A new study assessing the effectiveness of a restricted elimination diet on the behavior of children with attention deficit hyperactivity disorder was conducted in the Netherlands and Belgium. They enrolled 100 children (4 – 8 years) and randomly assigned them to either a group that received this special diet or to a control group that was just given instructions for a healthy diet. They were to follow the assigned protocol for 5 weeks. They were assessed before and after using using several ADHD rating scales. The assessment indicated that 64% of those using the elimination diet had a significant improvement in symptoms. (A similar study was conducted in the UK in May of last year.)
So what does this mean?
I think that it probably means that the children who improved using the diet had a food allergy which produced symptoms similar to ADHD. Thus, the diagnosis of ADHD may have been incorrect given these findings.
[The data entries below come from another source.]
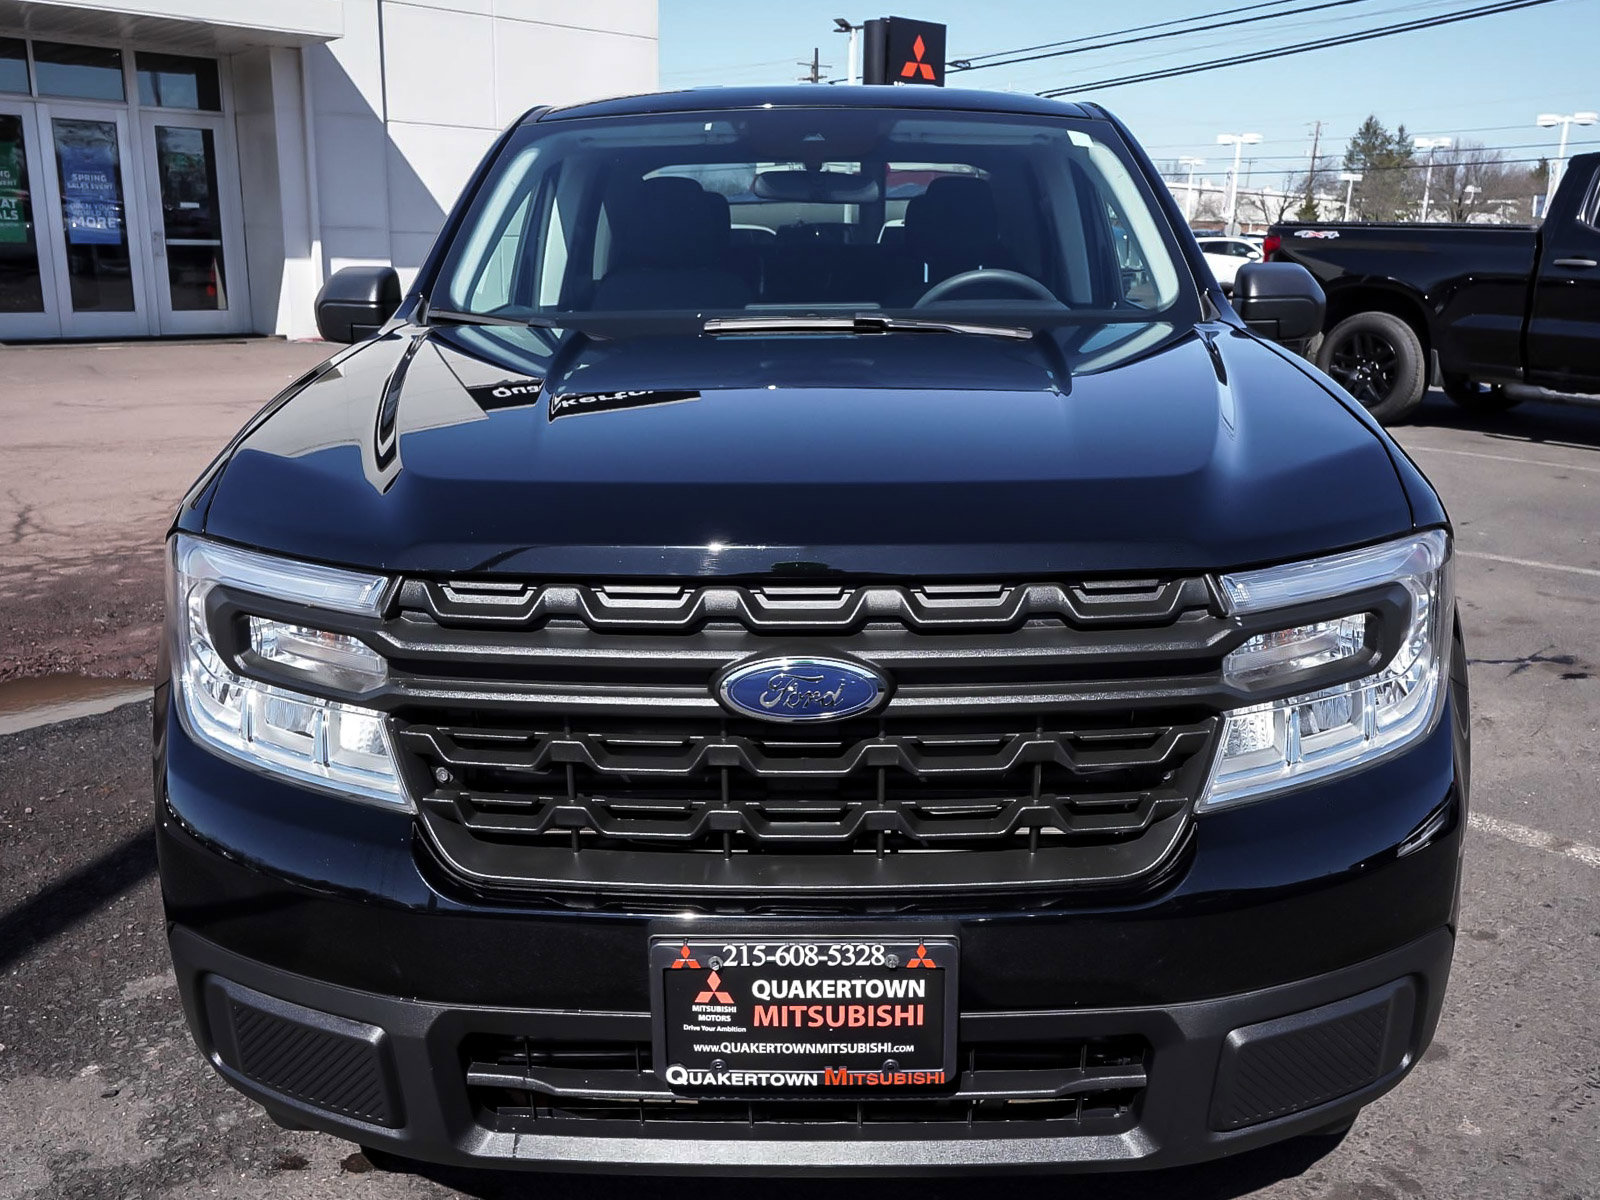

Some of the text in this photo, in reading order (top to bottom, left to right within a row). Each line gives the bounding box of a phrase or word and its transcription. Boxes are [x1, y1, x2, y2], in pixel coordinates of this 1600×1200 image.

[71, 173, 108, 182] SPRING
[71, 216, 117, 229] MORE
[759, 673, 846, 708] Ford
[722, 944, 885, 967] 215-608-5328
[751, 979, 926, 1000] QUAKERTOWN
[692, 1005, 737, 1013] MITSUBISHI
[698, 1014, 732, 1022] MOTORS
[753, 1004, 925, 1027] MITSUBISHI
[665, 1066, 946, 1086] QUAKERTOWN MITSUBISHI
There are many other questions that were not answered. For instance, the children’s parents knew which treatment they were receiving. Could this have influenced their ratings? Remember, they were recruited by advertising which may have attracted parents who wanted their children off medication and who may have believed that diet might be a significant factor. We also know that increased positive attention by a parent can reduce ADHD symptoms. (I discuss this in depth in Total Focus.) Could increased attention have played a role in the improvement? The study lasted for 5 weeks. Can the results be maintained over a long period of time? And if the offending foods were reintroduced, would the symptoms return?
Another study published in the December 2010 issue of Clinical Pediatrics conducted a systematic and comprehensive review of all the literature related to diet and ADHD and concluded that there are a select group of children who present with ADHD symptoms who show improvement as a result of a change in their diet. The Feingold Diet Program has been around for 35 years. While it has its share of advocates, all of the professional societies issuing treatment guidelines have concluded that there is insufficient evidence to prove its efficacy as a primary treatment for ADHD. Please go to the Feingold Diet website to learn more. Then go to the Quakwatch as well as the Clinical Pediatrics article for another point of view. If you are inclined to try a diet approach, PLEASE CHECK WITH YOUR CHILD’S PHYSICIAN before proceeding.
While diet appears to be helpful for some children (the size of this group is in question), another intervention that has proven to be successful when used with or without medication and most likely would enhance any benefits derived from a dietary approach is behavioral treatment. This is often either overlooked or only partially implemented due to constrictions of time and resources. The result is that many parents, teachers, and providers seek what seems to be the convenient solution. However, in the latest review of the results of the “gold standard” MTA study, children whose family received behavioral interventions had the best long-term outcome. Parents who are looking for an alternative from medication as well as for significant, long lasting improvement may be surprised at the results they achieve by investing just a few hours per week working with their son or daughter implementing researched-based interventions.